[[ INFORMATION PROVIDED open ]]

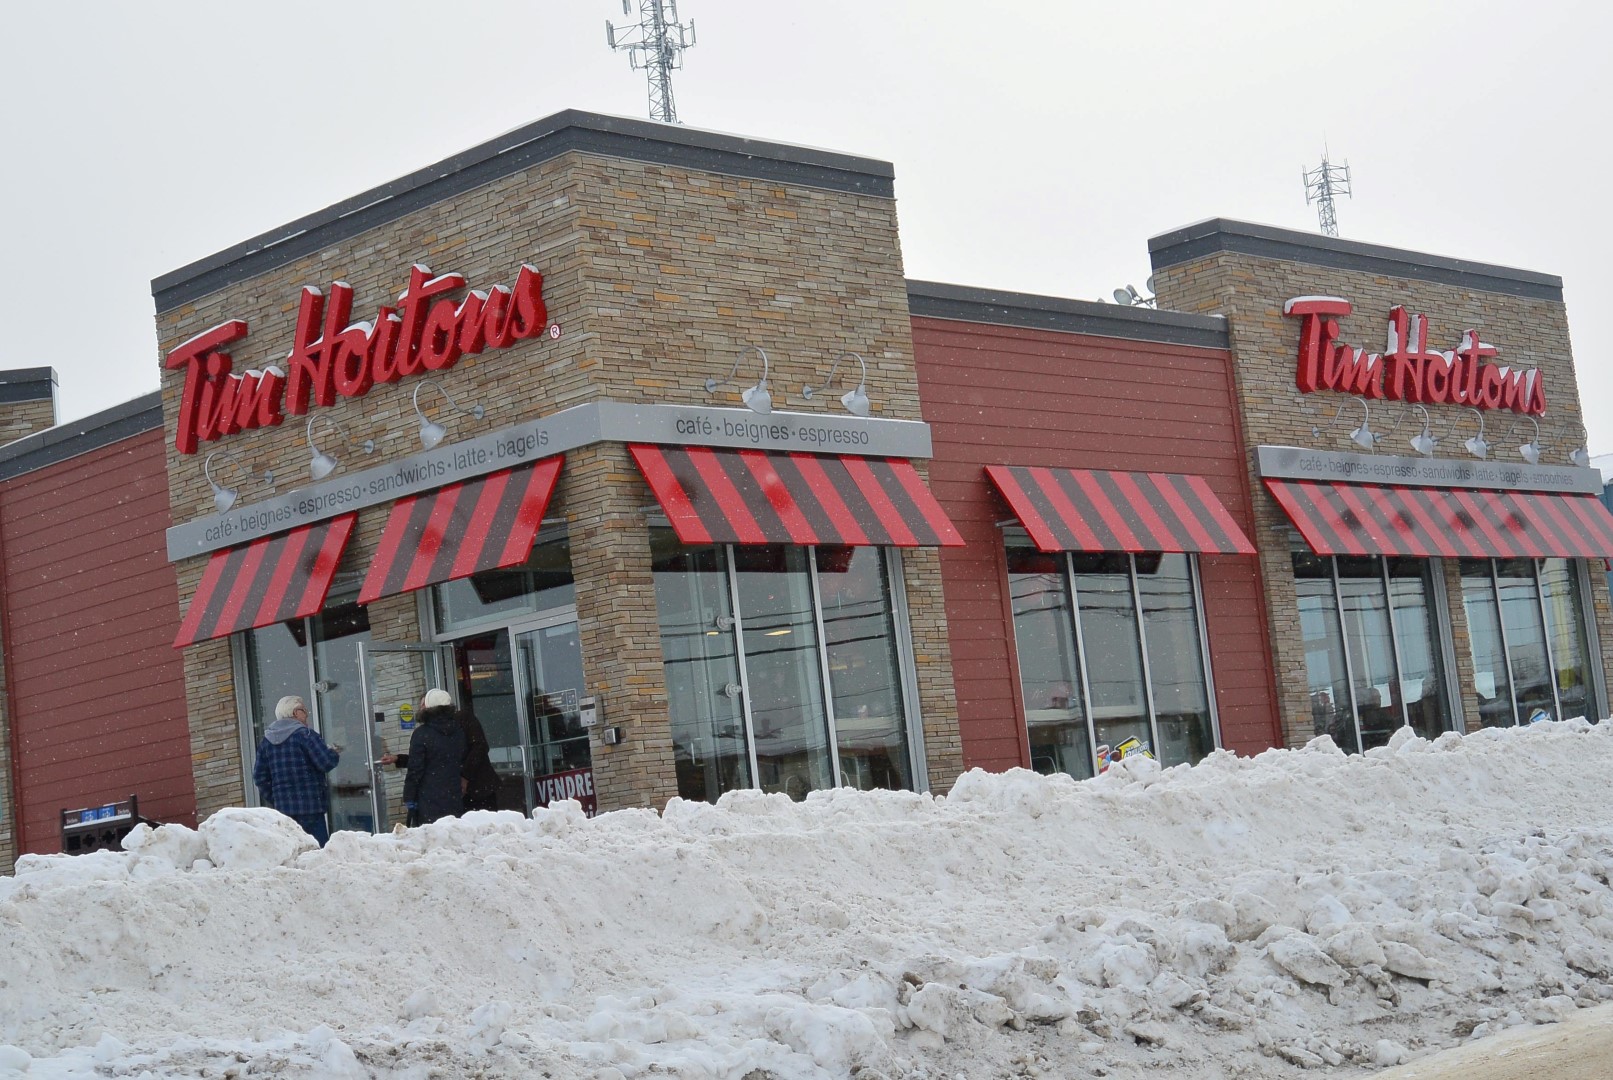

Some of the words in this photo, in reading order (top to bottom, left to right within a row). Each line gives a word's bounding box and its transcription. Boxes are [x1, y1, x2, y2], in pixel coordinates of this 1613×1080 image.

[166, 319, 286, 454] Tim
[285, 263, 548, 415] Hortons
[1283, 297, 1384, 399] Tim
[1385, 305, 1547, 416] Hortons
[676, 416, 713, 436] café
[723, 418, 789, 443] beignes
[798, 426, 869, 447] espresso
[205, 518, 232, 542] café
[240, 504, 292, 533] beignes
[299, 485, 361, 515] espresso
[369, 459, 446, 495] sandwichs
[453, 447, 487, 471] latte
[496, 428, 549, 458] bagels
[1300, 456, 1322, 472] café
[1329, 457, 1369, 477] beignes
[1373, 463, 1418, 479] espresso
[1422, 465, 1471, 480] sandwichs
[1475, 467, 1495, 482] latte
[1499, 468, 1529, 486] bagels
[536, 772, 594, 804] VENDRE
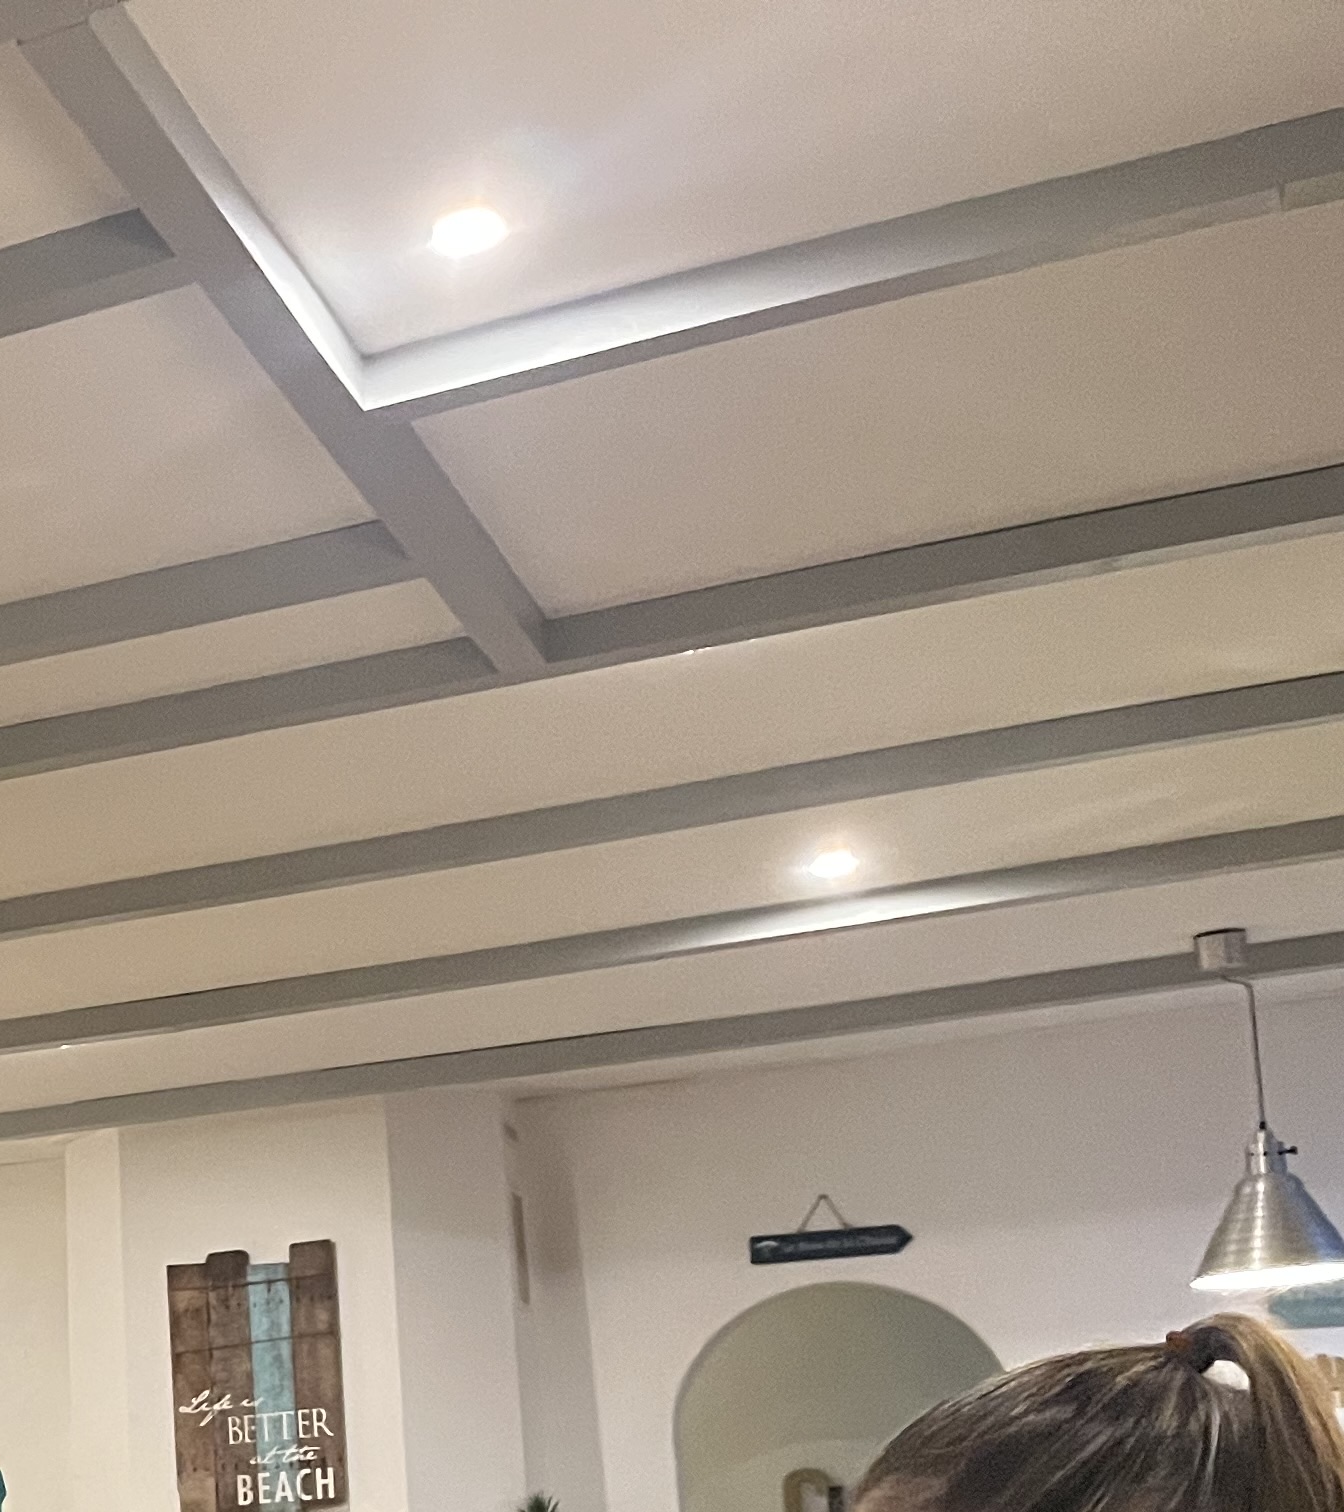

[[ INFORMATION PROVIDED closed ]]

▶ INSTRUCTIONS TO FOLLOW: Retype the data above exactly; pictures are not part of the copy.

▶ RESPONSE BELOW:
Some of the words in this photo, in reading order (top to bottom, left to right within a row). Each line gives a word's bounding box and its transcription. Boxes are [x1, y1, x2, y2], in pixel coordinates of this 1613×1080 image.

[166, 319, 286, 454] Tim
[285, 263, 548, 415] Hortons
[1283, 297, 1384, 399] Tim
[1385, 305, 1547, 416] Hortons
[676, 416, 713, 436] café
[723, 418, 789, 443] beignes
[798, 426, 869, 447] espresso
[205, 518, 232, 542] café
[240, 504, 292, 533] beignes
[299, 485, 361, 515] espresso
[369, 459, 446, 495] sandwichs
[453, 447, 487, 471] latte
[496, 428, 549, 458] bagels
[1300, 456, 1322, 472] café
[1329, 457, 1369, 477] beignes
[1373, 463, 1418, 479] espresso
[1422, 465, 1471, 480] sandwichs
[1475, 467, 1495, 482] latte
[1499, 468, 1529, 486] bagels
[536, 772, 594, 804] VENDRE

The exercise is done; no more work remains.